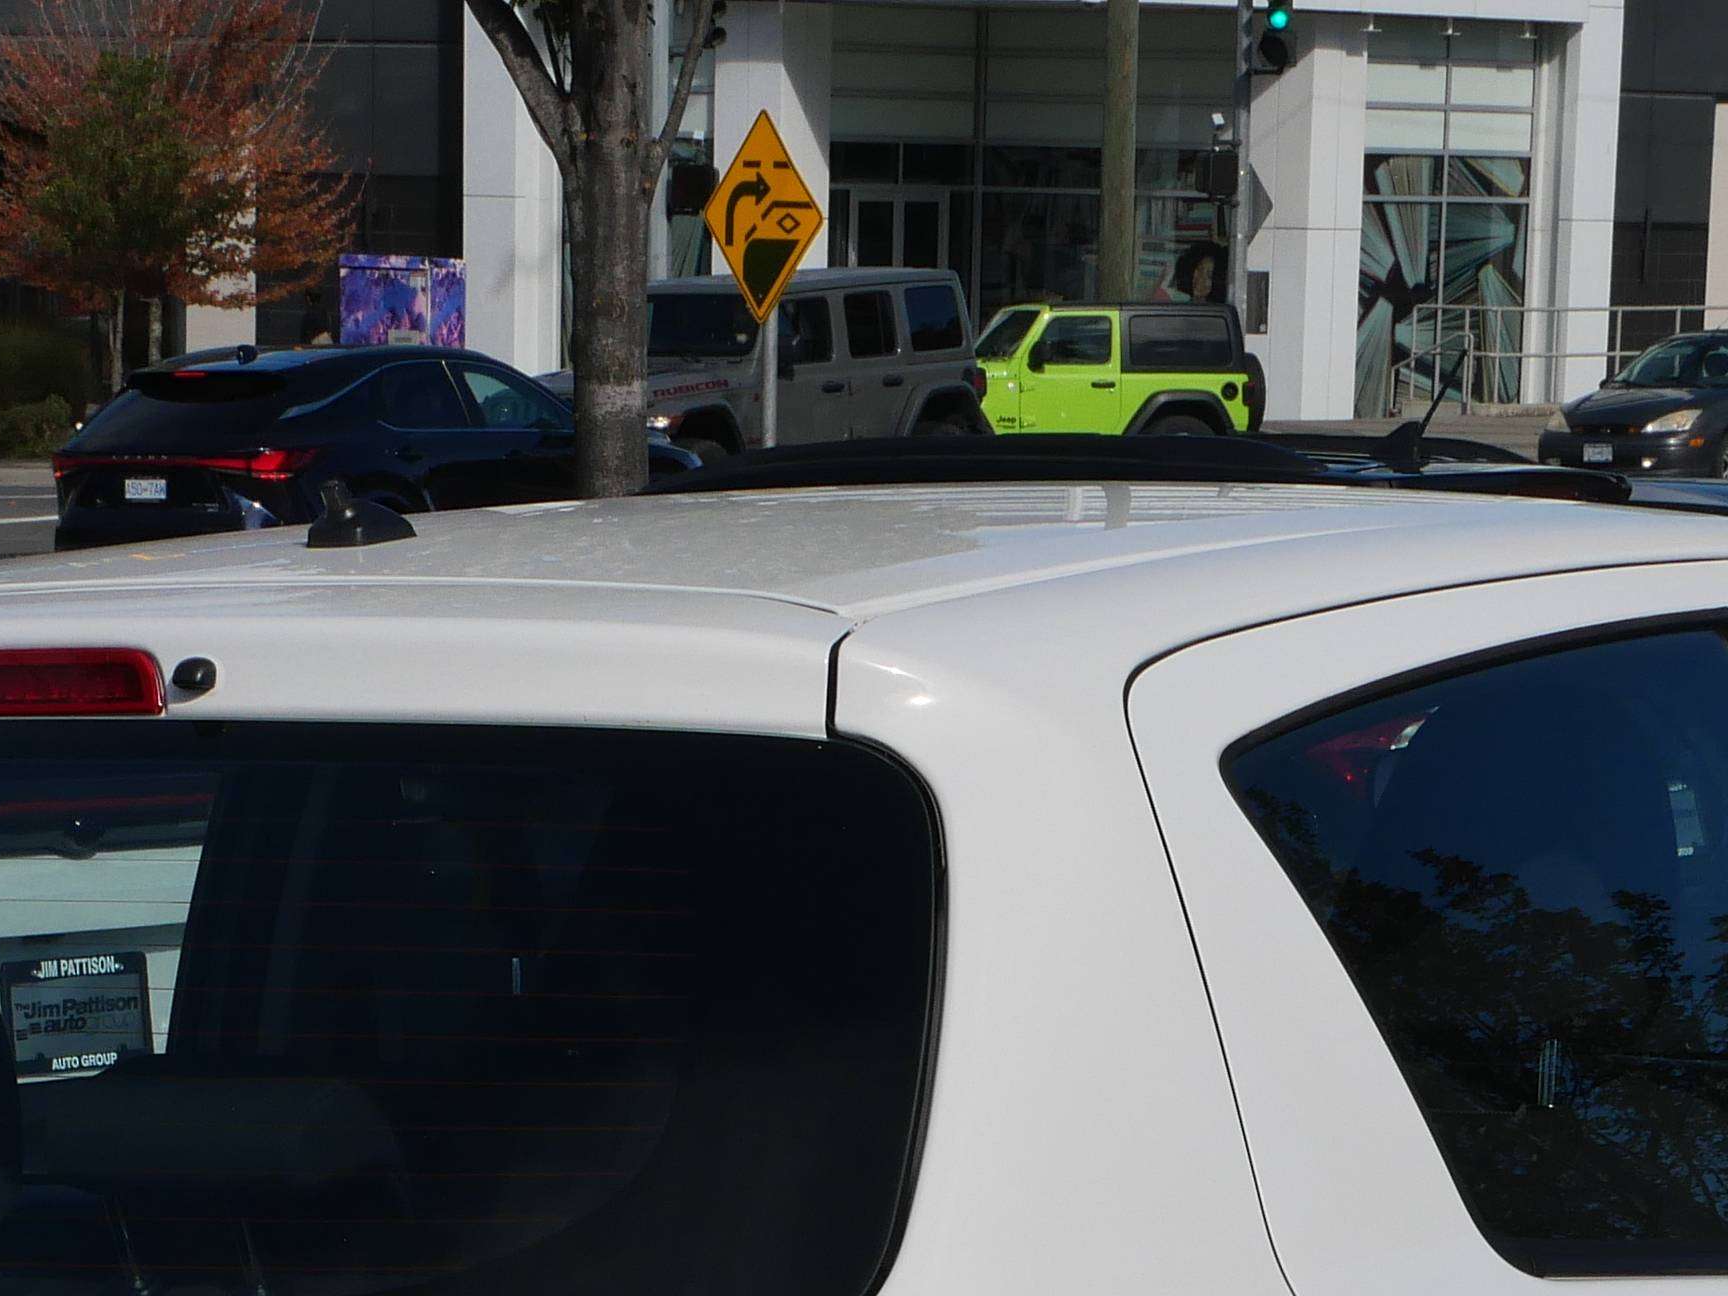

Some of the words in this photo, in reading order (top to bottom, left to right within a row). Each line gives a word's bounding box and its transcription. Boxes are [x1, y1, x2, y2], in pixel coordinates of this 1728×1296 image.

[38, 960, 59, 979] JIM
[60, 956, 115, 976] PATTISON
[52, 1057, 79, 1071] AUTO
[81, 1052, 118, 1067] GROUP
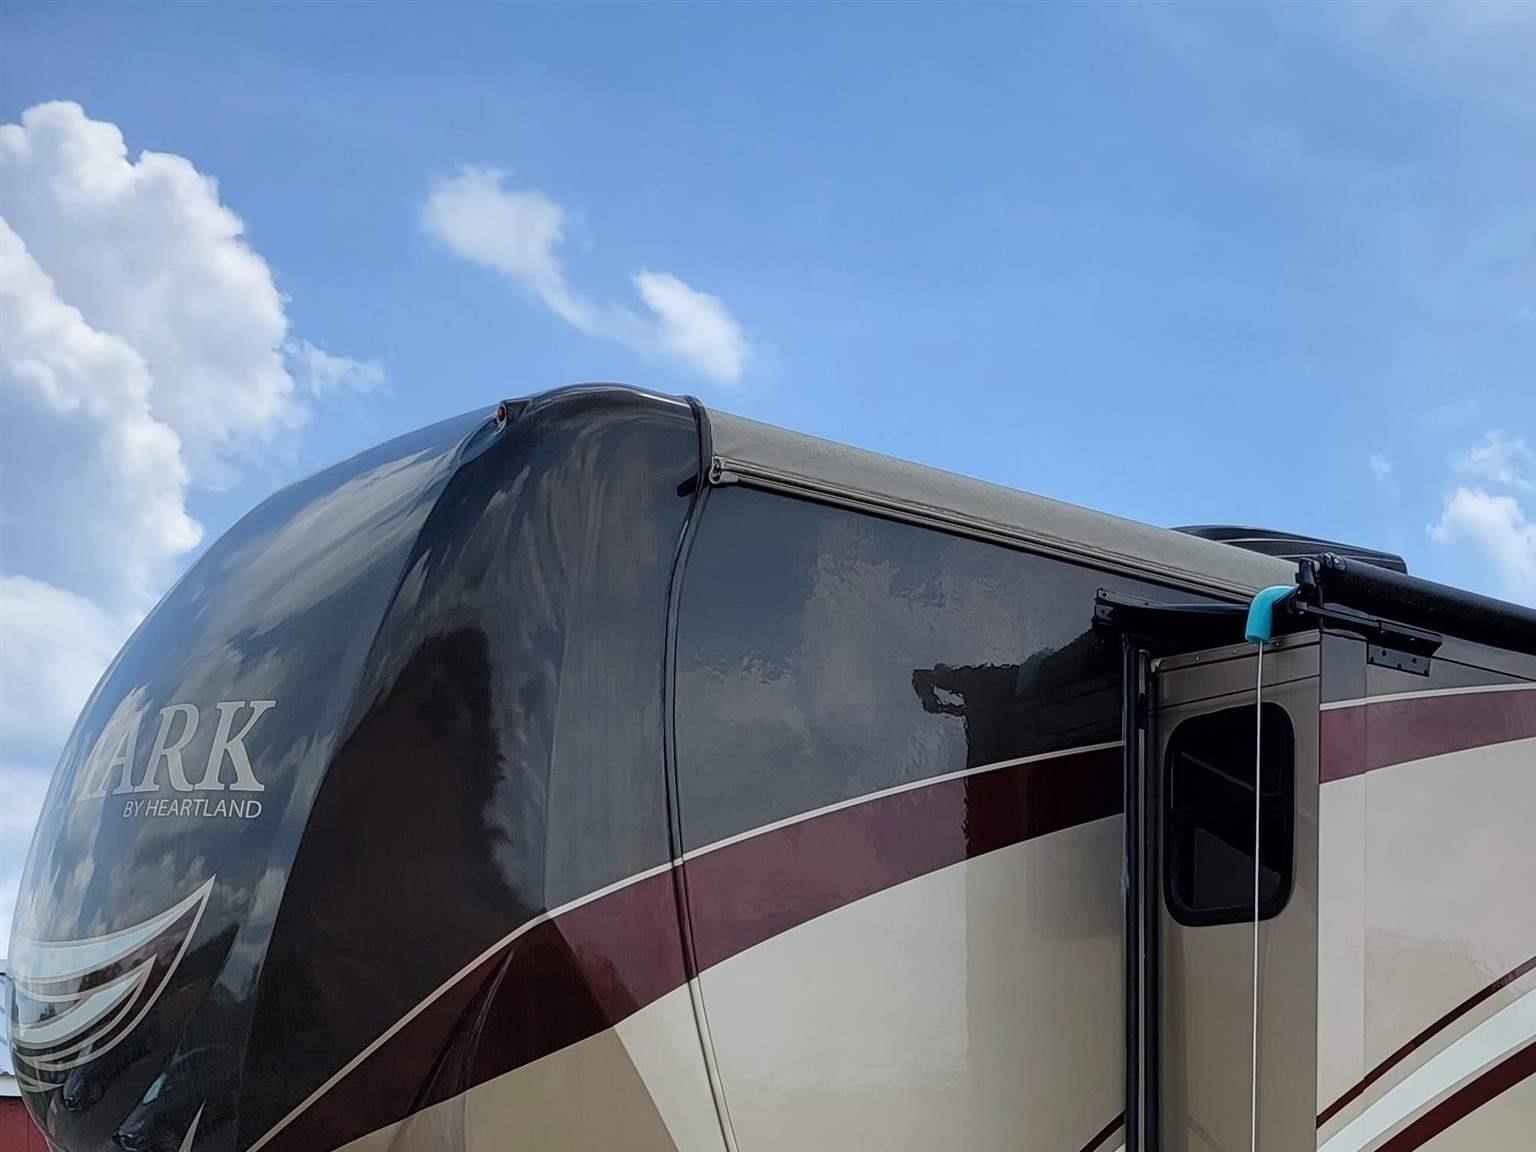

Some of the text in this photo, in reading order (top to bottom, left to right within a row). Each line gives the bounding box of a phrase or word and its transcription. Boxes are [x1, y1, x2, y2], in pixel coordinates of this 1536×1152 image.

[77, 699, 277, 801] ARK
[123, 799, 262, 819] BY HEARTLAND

##############################

Go through the entries above and output them exactly, without pictures.

## Solution for this task
Some of the words in this photo, in reading order (top to bottom, left to right within a row). Each line gives a word's bounding box and its transcription. Boxes are [x1, y1, x2, y2], in pixel coordinates of this 1728×1296 image.

[38, 960, 59, 979] JIM
[60, 956, 115, 976] PATTISON
[52, 1057, 79, 1071] AUTO
[81, 1052, 118, 1067] GROUP

Some of the text in this photo, in reading order (top to bottom, left to right within a row). Each line gives the bounding box of a phrase or word and its transcription. Boxes are [x1, y1, x2, y2], in pixel coordinates of this 1536×1152 image.

[77, 699, 277, 801] ARK
[123, 799, 262, 819] BY HEARTLAND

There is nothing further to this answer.